§ How to complete this task
Each record that follows should be repeated exactly, minus any images.

§ Source material

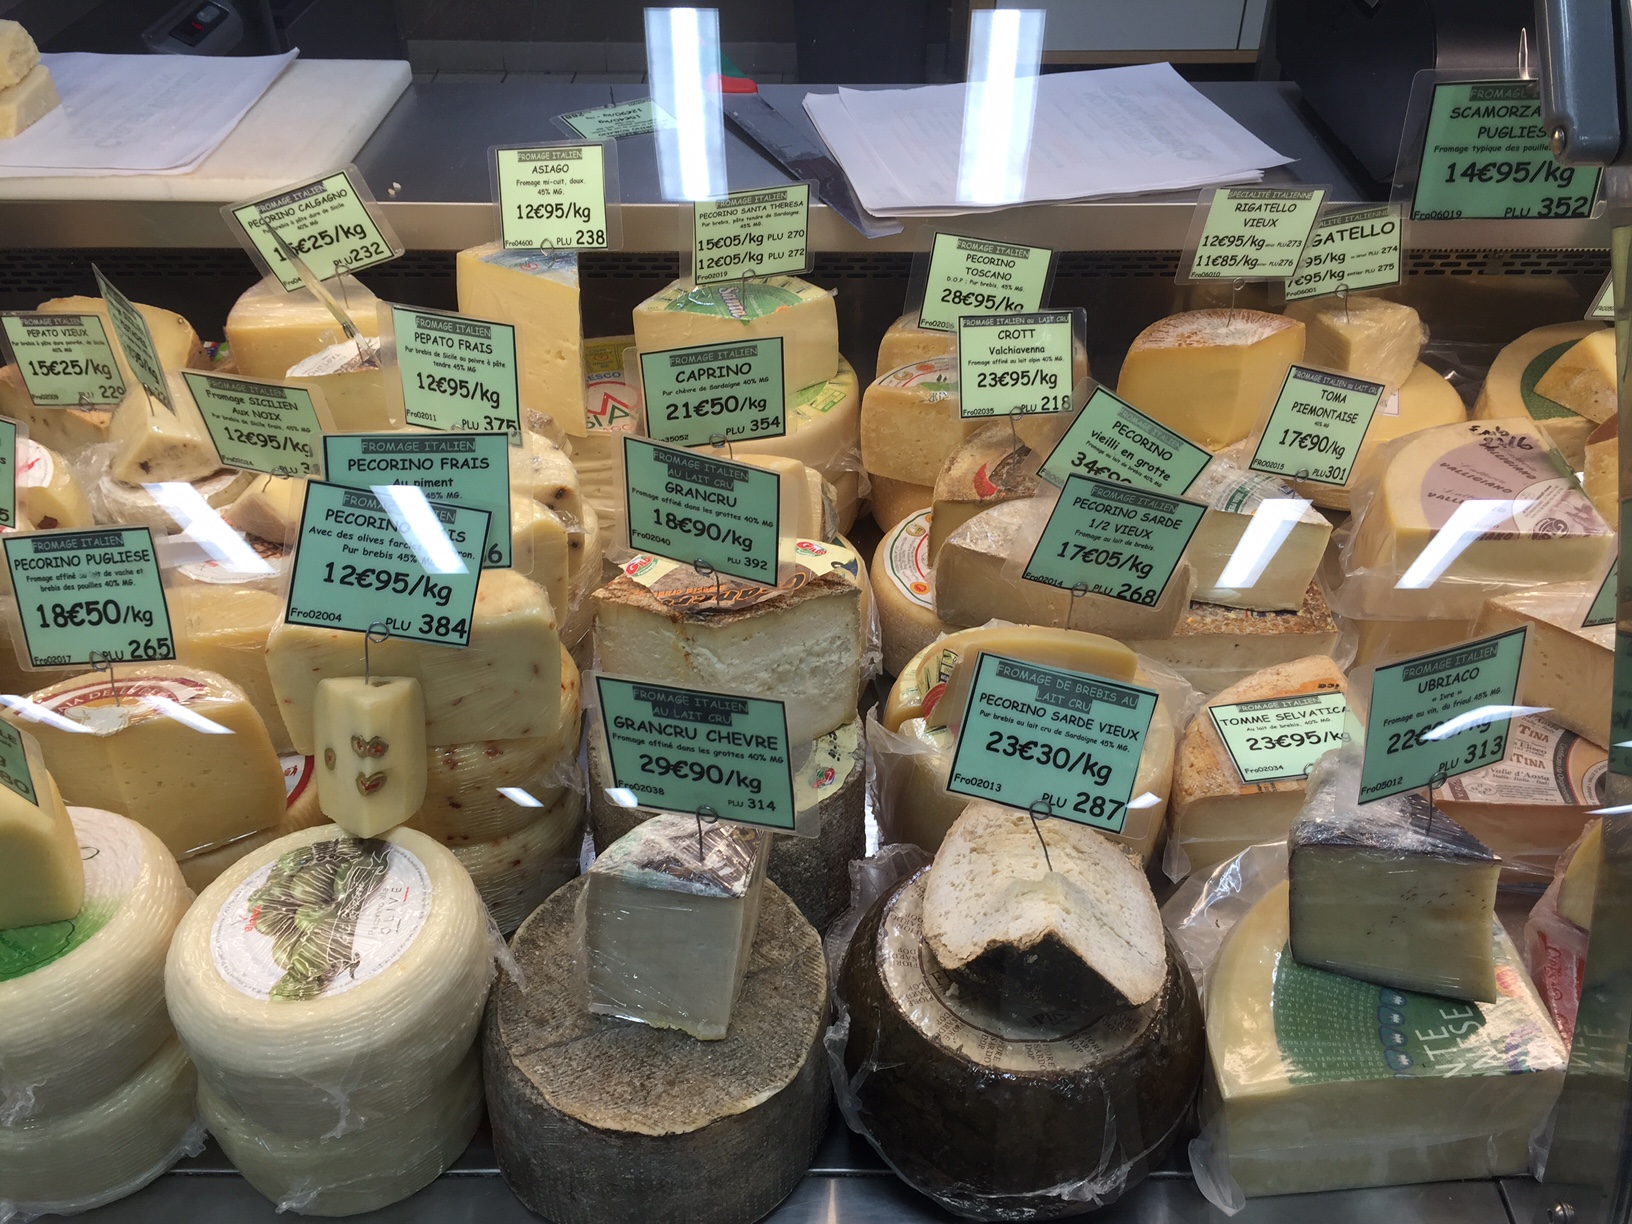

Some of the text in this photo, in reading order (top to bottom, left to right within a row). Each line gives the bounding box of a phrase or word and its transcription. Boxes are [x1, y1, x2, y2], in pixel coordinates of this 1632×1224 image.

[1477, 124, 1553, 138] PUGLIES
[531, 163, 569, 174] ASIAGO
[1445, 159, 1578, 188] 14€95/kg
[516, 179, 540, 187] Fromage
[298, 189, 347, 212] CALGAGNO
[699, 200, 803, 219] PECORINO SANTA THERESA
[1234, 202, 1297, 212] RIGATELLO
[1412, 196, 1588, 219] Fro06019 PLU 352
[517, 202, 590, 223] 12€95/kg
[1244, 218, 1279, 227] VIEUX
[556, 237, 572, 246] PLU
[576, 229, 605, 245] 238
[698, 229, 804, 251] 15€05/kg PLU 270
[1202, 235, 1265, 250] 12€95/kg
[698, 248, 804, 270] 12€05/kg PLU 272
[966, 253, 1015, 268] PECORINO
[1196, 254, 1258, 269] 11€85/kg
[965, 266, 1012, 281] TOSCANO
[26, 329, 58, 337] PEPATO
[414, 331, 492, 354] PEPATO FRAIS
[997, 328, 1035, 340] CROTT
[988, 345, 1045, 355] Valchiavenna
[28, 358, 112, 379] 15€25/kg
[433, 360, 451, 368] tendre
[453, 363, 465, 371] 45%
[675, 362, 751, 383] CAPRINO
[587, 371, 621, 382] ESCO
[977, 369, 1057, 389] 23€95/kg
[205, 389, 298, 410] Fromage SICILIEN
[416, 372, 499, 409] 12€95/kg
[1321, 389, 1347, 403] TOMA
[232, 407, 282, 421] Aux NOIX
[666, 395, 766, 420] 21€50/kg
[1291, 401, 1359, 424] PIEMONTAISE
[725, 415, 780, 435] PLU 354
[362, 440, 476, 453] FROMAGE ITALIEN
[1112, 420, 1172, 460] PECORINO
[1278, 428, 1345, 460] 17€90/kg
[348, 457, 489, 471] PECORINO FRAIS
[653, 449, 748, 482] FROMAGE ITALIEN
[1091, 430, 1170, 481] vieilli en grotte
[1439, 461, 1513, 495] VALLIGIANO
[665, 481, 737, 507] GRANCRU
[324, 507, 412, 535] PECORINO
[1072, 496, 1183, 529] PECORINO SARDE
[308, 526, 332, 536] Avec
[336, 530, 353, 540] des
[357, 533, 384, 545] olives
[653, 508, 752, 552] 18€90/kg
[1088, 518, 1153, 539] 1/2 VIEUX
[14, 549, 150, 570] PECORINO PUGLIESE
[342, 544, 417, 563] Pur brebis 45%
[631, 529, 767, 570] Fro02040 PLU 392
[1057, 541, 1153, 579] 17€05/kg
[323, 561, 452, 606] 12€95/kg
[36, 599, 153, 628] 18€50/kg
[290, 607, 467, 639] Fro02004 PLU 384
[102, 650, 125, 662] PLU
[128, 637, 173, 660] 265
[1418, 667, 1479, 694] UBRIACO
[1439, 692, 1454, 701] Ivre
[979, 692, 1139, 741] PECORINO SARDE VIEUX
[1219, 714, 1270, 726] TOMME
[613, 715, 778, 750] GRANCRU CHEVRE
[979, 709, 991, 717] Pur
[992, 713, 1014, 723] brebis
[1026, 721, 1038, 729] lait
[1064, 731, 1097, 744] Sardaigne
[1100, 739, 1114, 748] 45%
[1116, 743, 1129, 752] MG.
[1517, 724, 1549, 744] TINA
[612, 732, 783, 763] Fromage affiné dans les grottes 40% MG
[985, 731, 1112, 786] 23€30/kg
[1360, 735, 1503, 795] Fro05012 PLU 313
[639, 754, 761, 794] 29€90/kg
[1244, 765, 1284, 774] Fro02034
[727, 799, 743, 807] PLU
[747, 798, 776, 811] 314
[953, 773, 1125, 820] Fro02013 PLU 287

§ Written solution
Some of the text in this photo, in reading order (top to bottom, left to right within a row). Each line gives the bounding box of a phrase or word and its transcription. Boxes are [x1, y1, x2, y2], in pixel coordinates of this 1632×1224 image.

[1477, 124, 1553, 138] PUGLIES
[531, 163, 569, 174] ASIAGO
[1445, 159, 1578, 188] 14€95/kg
[516, 179, 540, 187] Fromage
[298, 189, 347, 212] CALGAGNO
[699, 200, 803, 219] PECORINO SANTA THERESA
[1234, 202, 1297, 212] RIGATELLO
[1412, 196, 1588, 219] Fro06019 PLU 352
[517, 202, 590, 223] 12€95/kg
[1244, 218, 1279, 227] VIEUX
[556, 237, 572, 246] PLU
[576, 229, 605, 245] 238
[698, 229, 804, 251] 15€05/kg PLU 270
[1202, 235, 1265, 250] 12€95/kg
[698, 248, 804, 270] 12€05/kg PLU 272
[966, 253, 1015, 268] PECORINO
[1196, 254, 1258, 269] 11€85/kg
[965, 266, 1012, 281] TOSCANO
[26, 329, 58, 337] PEPATO
[414, 331, 492, 354] PEPATO FRAIS
[997, 328, 1035, 340] CROTT
[988, 345, 1045, 355] Valchiavenna
[28, 358, 112, 379] 15€25/kg
[433, 360, 451, 368] tendre
[453, 363, 465, 371] 45%
[675, 362, 751, 383] CAPRINO
[587, 371, 621, 382] ESCO
[977, 369, 1057, 389] 23€95/kg
[205, 389, 298, 410] Fromage SICILIEN
[416, 372, 499, 409] 12€95/kg
[1321, 389, 1347, 403] TOMA
[232, 407, 282, 421] Aux NOIX
[666, 395, 766, 420] 21€50/kg
[1291, 401, 1359, 424] PIEMONTAISE
[725, 415, 780, 435] PLU 354
[362, 440, 476, 453] FROMAGE ITALIEN
[1112, 420, 1172, 460] PECORINO
[1278, 428, 1345, 460] 17€90/kg
[348, 457, 489, 471] PECORINO FRAIS
[653, 449, 748, 482] FROMAGE ITALIEN
[1091, 430, 1170, 481] vieilli en grotte
[1439, 461, 1513, 495] VALLIGIANO
[665, 481, 737, 507] GRANCRU
[324, 507, 412, 535] PECORINO
[1072, 496, 1183, 529] PECORINO SARDE
[308, 526, 332, 536] Avec
[336, 530, 353, 540] des
[357, 533, 384, 545] olives
[653, 508, 752, 552] 18€90/kg
[1088, 518, 1153, 539] 1/2 VIEUX
[14, 549, 150, 570] PECORINO PUGLIESE
[342, 544, 417, 563] Pur brebis 45%
[631, 529, 767, 570] Fro02040 PLU 392
[1057, 541, 1153, 579] 17€05/kg
[323, 561, 452, 606] 12€95/kg
[36, 599, 153, 628] 18€50/kg
[290, 607, 467, 639] Fro02004 PLU 384
[102, 650, 125, 662] PLU
[128, 637, 173, 660] 265
[1418, 667, 1479, 694] UBRIACO
[1439, 692, 1454, 701] Ivre
[979, 692, 1139, 741] PECORINO SARDE VIEUX
[1219, 714, 1270, 726] TOMME
[613, 715, 778, 750] GRANCRU CHEVRE
[979, 709, 991, 717] Pur
[992, 713, 1014, 723] brebis
[1026, 721, 1038, 729] lait
[1064, 731, 1097, 744] Sardaigne
[1100, 739, 1114, 748] 45%
[1116, 743, 1129, 752] MG.
[1517, 724, 1549, 744] TINA
[612, 732, 783, 763] Fromage affiné dans les grottes 40% MG
[985, 731, 1112, 786] 23€30/kg
[1360, 735, 1503, 795] Fro05012 PLU 313
[639, 754, 761, 794] 29€90/kg
[1244, 765, 1284, 774] Fro02034
[727, 799, 743, 807] PLU
[747, 798, 776, 811] 314
[953, 773, 1125, 820] Fro02013 PLU 287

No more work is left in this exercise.